Детское кимоно. Белое, как снег, как бумага, как лёд на ставнях, на котором больше не было лиц — потому что лёд растаял на тридцать шестой день, и за льдом не было ничего. За льдом — не было стекла. За стеклом — не было мира. За окном — белое. Только белое. И это белое — дышало.

Тэруо записал последнюю запись перед сорок первым днём:

«День 38. За окном — нет. Там нет мира. Там — рот. Рот, который закрылся вокруг нас и держит. Мы — во рту. Мы — во рту уже тридцать восемь дней. Дзэнкай говорил: "Гора ест медленно. Она не кусает. Она обнимает. А потом сжимает". Мы — внутри. Метель — не метель. Метель — это челюсти, которые сомкнулись. И когда они разомкнутся — это не значит, что нас отпустят. Это значит, что мы — внутри глубже».

На сороковой день Тэруо не делал записей.

Он сидел у окна и смотрел на снег. Снег шёл. Ровно. Без перерыва. Без единой паузы, без единого вздоха. Он шёл, как кровь по жилам, — не задумываясь, не уставая, не останавливаясь. Тэруо думал: если метель — это рот, то снег — это слюна. И мы — внутри. И мы — медленно — перевариваемся.

На сороковой день он перестал бояться. Не потому, что страх прошёл — а потому, что страх стал воздухом, которым он дышал, и, как воздух, перестал ощущаться. Он был везде. Он был в каждом вдохе, в каждом глотке риса, в каждом прикосновении одеяла. Он стал нормой. И это — было самым страшным.

На сорок первый день снег перестал.

Тэруо не сразу понял. Он сидел у окна — как всегда, как последние двадцать дней — и смотрел на белое. И в какой-то момент понял: белое перестало двигаться. Снежинки, которые падали безостановочно сорок дней и сорок ночей, — повисли. Не в воздухе — в пространстве. Они висели, как будто кто-то нажал на них пальцем и сказал: стойте. И они остановились. И не падали.

А потом — начали таять. Не падая на землю — в воздухе. Они таяли, как свечи, и от них оставались мокрые точки, которые тут же высыхали. Снежинки исчезали. Одна за другой. Скоро — десятками. Сотнями. Воздух очищался, как зеркало, с которого стирают пар.

И в наступившей тишине — в тишине, которая была оглушительнее любого звука, потому что в ней не было ничего, ни ветра, ни снега, ни дыхания, — Тэруо услышал.

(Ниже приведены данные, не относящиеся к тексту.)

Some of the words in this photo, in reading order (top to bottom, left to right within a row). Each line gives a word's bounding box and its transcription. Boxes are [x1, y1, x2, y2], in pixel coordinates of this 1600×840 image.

За стенами храма. За деревянной дверью, за каменными ступенями, за засовом, который он сам задвигал каждый вечер сорок дней.

Дыхание.

Тихое. Ровное. Детское.

Как будто кто-то маленький сидел на ступенях и ждал. Ждал сорок один день. Ждал, пока метель — нет, пока она — откроет рот. Не чтобы впустить. Чтобы выпустить.

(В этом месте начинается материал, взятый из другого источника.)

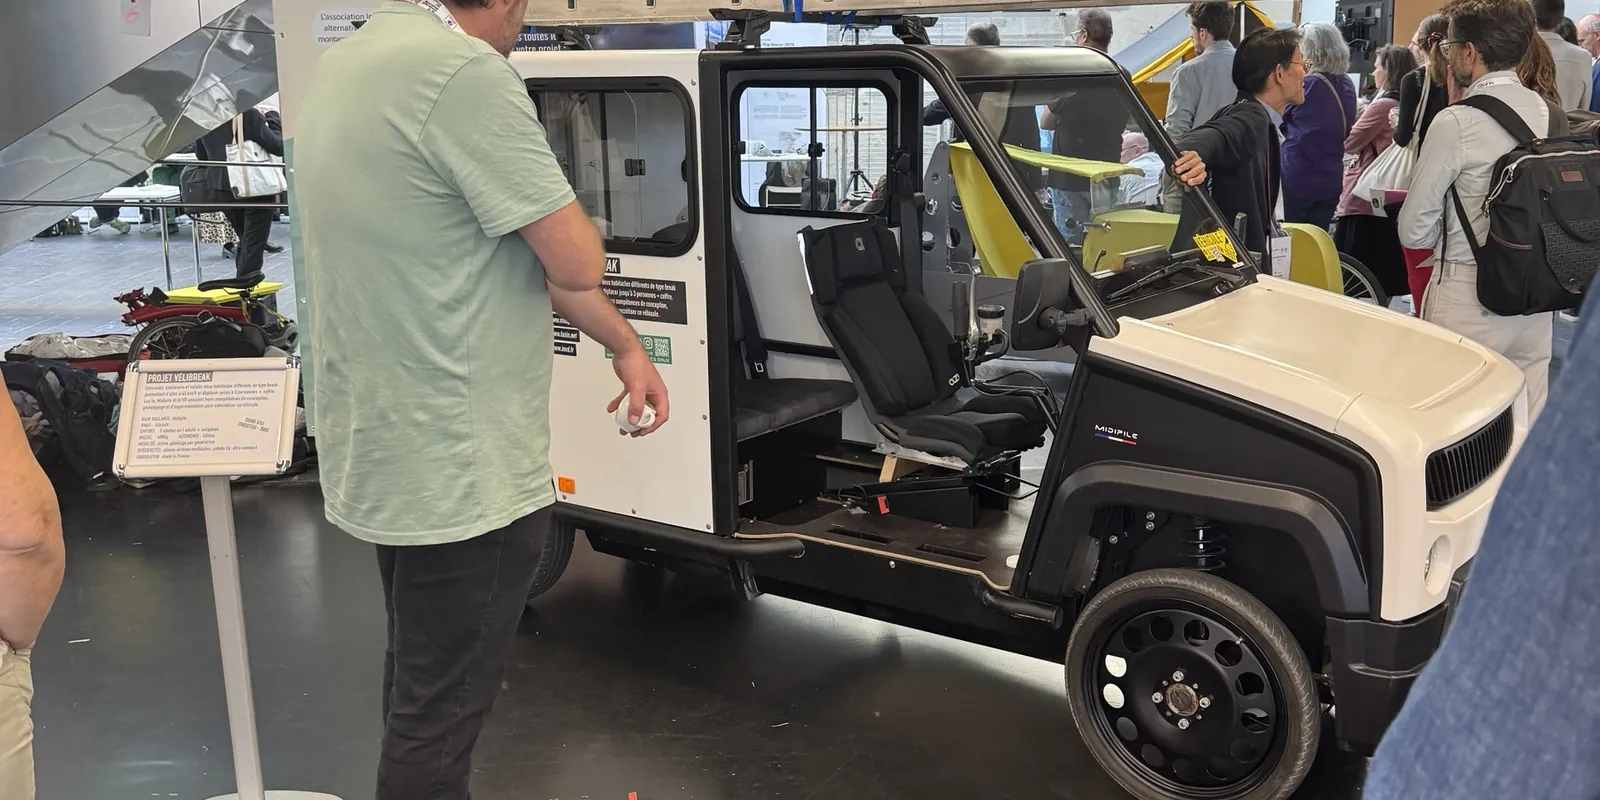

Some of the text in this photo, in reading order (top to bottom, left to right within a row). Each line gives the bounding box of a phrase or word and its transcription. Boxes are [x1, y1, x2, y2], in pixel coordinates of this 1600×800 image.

[524, 33, 548, 41] toutes
[604, 259, 618, 272] AK
[148, 372, 211, 382] PROJET VÉLIBREAK
[1095, 424, 1138, 440] MIDIPILE

Тэруо встал. Ноги не слушались — не от слабости, от того, что пол был тёплым. Пол был тёплым. За сорок дней метели пол в храме не был тёплым ни разу. Тэруо опустил глаза. Пол был мокрым. Не от снега. От чего-то другого. Влага шла от двери — тонким, ровным ручейком, как слеза, которая ползёт по щеке очень медленно, потому что тот, кто плачет, не умеет плакать.

Ручеек тянулся к алтарю.

Тэруо посмотрел на алтарь. Тарелка Фудзико — та самая, с отпечатком губ на обратной стороне — стояла на месте. Она была мокрой. На ней — капля. Одна. Крупная. Тёплая.

Тэруо не пошёл к двери.

Он знал, что за дверью — кто-то. Он знал, что этот кто-то — маленький. Он знал, что этот кто-то — ждал. Он знал всё это так, как знает человек, который сорок дней жил во рту чего-то огромного и непостижимого, что рот — открылся. И то, что было внутри рта, — теперь стоит на пороге.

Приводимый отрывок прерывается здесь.